Una condanna all'ergastolo. Così si è concluso il processo a Hanefija Prjic, detto Paraga, il comandante paramilitare bosniaco che il 29 maggio del 1993 in Bosnia ordinò l'uccisione di tre volontari italiani: Sergio Lana, Guido Puletti e Fabio Moreni. Il giudice per le indagini preliminari di Brescia Carlo Bianchetti ha accolto la richiesta del pubblico ministero Silvia Bonardi, riconoscendo il ruolo di Prjic, oggi, 52enne, nella cosiddetta "strage di Gornji Vakuf". Si tratta della cittadina della Bosnia dove, nel pieno del conflitto che insanguinò l'ex Jugoslavia all'inizio degli anni Novanta, i tre volontari, tutti di origini lombarde, furono fucilati dal battaglione agli ordini di Paraga.

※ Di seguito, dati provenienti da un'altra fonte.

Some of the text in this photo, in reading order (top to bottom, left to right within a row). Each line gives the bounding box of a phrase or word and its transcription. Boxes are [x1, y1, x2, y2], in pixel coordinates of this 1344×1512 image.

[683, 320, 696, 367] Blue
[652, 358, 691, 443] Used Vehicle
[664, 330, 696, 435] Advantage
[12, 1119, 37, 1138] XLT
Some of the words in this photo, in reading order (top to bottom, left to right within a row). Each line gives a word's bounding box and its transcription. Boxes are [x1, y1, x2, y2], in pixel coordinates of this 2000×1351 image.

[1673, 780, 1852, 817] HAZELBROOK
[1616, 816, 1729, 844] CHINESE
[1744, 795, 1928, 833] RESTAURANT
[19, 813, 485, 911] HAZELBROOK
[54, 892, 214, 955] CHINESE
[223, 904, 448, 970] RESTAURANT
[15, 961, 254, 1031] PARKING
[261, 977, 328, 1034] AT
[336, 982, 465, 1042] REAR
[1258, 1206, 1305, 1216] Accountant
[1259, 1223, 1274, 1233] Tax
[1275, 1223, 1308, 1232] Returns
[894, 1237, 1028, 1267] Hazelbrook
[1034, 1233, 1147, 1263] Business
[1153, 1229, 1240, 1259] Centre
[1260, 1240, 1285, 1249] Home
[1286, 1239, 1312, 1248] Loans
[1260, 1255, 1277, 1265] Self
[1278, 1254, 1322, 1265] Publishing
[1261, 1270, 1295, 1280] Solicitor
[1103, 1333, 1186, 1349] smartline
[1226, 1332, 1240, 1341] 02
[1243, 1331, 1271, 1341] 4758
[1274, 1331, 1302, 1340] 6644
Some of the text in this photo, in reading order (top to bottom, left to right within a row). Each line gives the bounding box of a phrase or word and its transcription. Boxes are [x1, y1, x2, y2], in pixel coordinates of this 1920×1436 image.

Assieme alle tre vittime si trovavano anche altri due volontari, Agostino Zanotti e Cristian Penocchio, che riuscirono a scampare fortunosamente alla fucilazione e sono stati i principali accusatori di Paraga. Dal canto suo, il militare ha sempre rigettato ogni accusa, affermando di non aver ordinato il triplice omicidio. Per la strage di Gornji Vakuf Prjic è già stato condannato in patria: il 3 aprile 2002 ha subito una condanna in secondo grado a 13 anni di carcere, già scontata in parte in carcere e in parte in regime di semilibertà. Proprio sfruttando la semilibertà Paraga si era recato in Germania, dove il 28 ottobre 2015, all'aeroporto di Dortmund, era stato arrestato in quanto ricercato dall'Italia. Poi l'estradizione e l'inizio del processo che ha portato alla sua condanna.
La strage di Gornji Vakuf
I cinque pacifisti italiani erano partiti per la Bosnia il 28 maggio del 1993. Il giorno seguente, mentre si trovavano sulla cosiddetta "strada dei diamanti" diretti verso le due cittadine di Vitez e Zavidovici – per portare aiuti umanitari e prelevare vedove e orfani da portare in Italia – furono fermati dal battaglione guidato da Paraga. Dopo essere stati condotti tra le montagne, in una vallata il comandante del gruppo ordinò la loro fucilazione. I tre volontari uccisi erano tutti amici tra loro: Sergio Lana era un perito elettronico di 20 anni e viveva a Gussago. Fabio Moreni aveva 39 anni ed era originario di Cremona. Guido Puletti era invece un giornalista 39enne italo-argentino: abitava a Brescia da numerosi anni.